In the 10x Genomics system, a large number of GEMs (Gel Beads-in-emulsion) are generated. A fraction of those GEMs contain a cell, some of which are T or B cell.
T or B cell detection occurs by the identification and counting of V(D)J transcripts from those cells. Some T and B cells have very low expression levels for these transcripts, and thus these may not be detected. Conversely, sufficiently high levels of extracellular mRNA may result in some barcodes being misidentified as T or B cells. Thus the goal of the V(D)J cell calling algorithm is to approximate the set of barcodes that contain a T or B cell. The cell calling algorithm is executed as part of the assembly algorithm.
To be identified as a T or B cell, a barcode must satisfy the following three requirements:
-
There must be a productive, confident contig. If there is only one such contig, there must be more than one UMI supporting its junction region. In de novo mode, the presence of a contig is the only requirement. Although other cell types can exhibit transcription within the TCR and BCR loci, only T and B cells produce fully rearranged transcripts that contain both a V and a C segment. Therefore, having a productive contig serves as evidence that a transcript from a T or B cell was present in the GEM. However, the transcript may not have arisen from an intact cell (background noise), i.e., captured from fluid between cells. To reduce the likelihood of calling such background transcripts as cells, the algorithm requires each barcode to be supported by more than one UMI.
-
There must be at least three filtered UMIs having at least two read pairs each (see Assembly Algorithm. This reduces the likelihood of misidentifying a cell as a T or B cell based solely on background transcripts.
-
Compute the N50 value of the number of read pairs per UMI, across all barcodes. For a given barcode, if the maximum read pair count across filtered UMIs is less than 3% of this N50, do not call the barcode a cell. This provides some protection against transcripts arising from index hopping on an Illumina flowcell, and from other forms of cross-library contamination.
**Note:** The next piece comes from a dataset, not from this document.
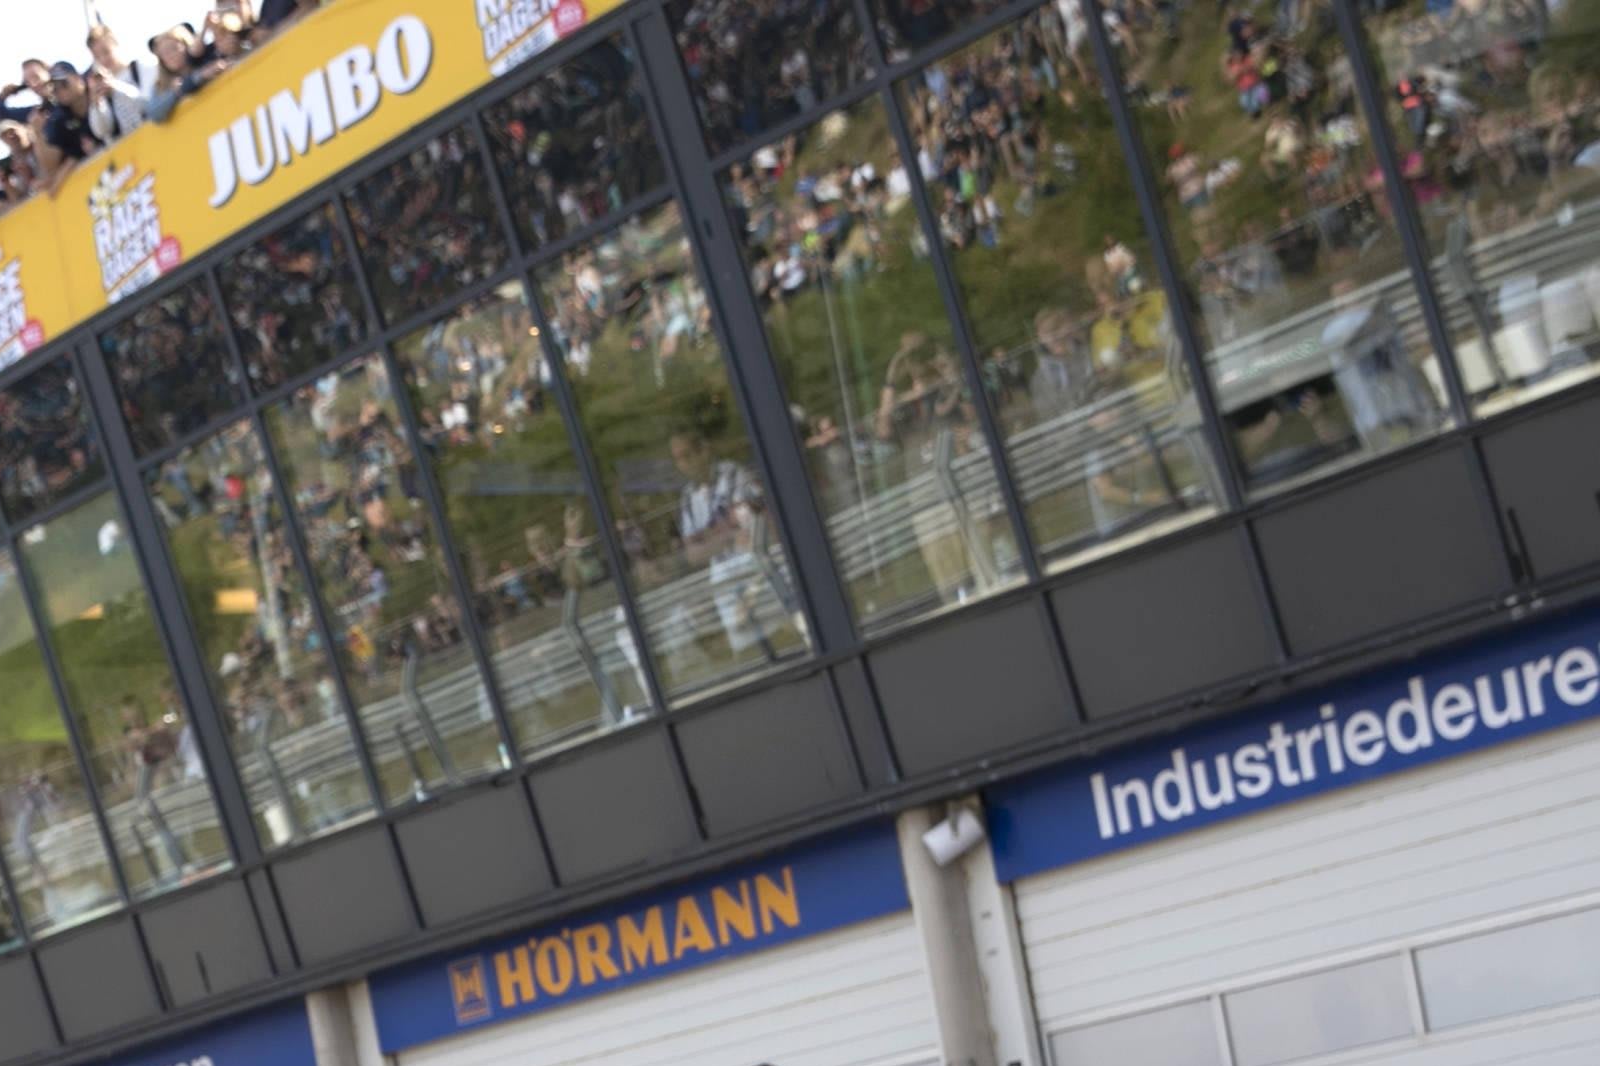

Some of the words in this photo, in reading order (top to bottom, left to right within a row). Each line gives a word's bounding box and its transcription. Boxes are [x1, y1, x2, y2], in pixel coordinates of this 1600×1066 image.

In addition to the three requirements listed above, Cell Ranger v3.1 (and later) has a filter to account for noise introduced by plasma cells and B cells containing large amounts of RNA (as documented in the Cell Ranger 3.1 release notes). This 1) tightens the is_cell
filter for low-frequency clones that share a chain with a higher-frequency or large clone, and 2) shrinks high-frequency clones to remove noise from mRNA leakage caused by sample processing (e.g. not due to biological clonal expansion).
Additional cell filters are imposed during clonotype grouping.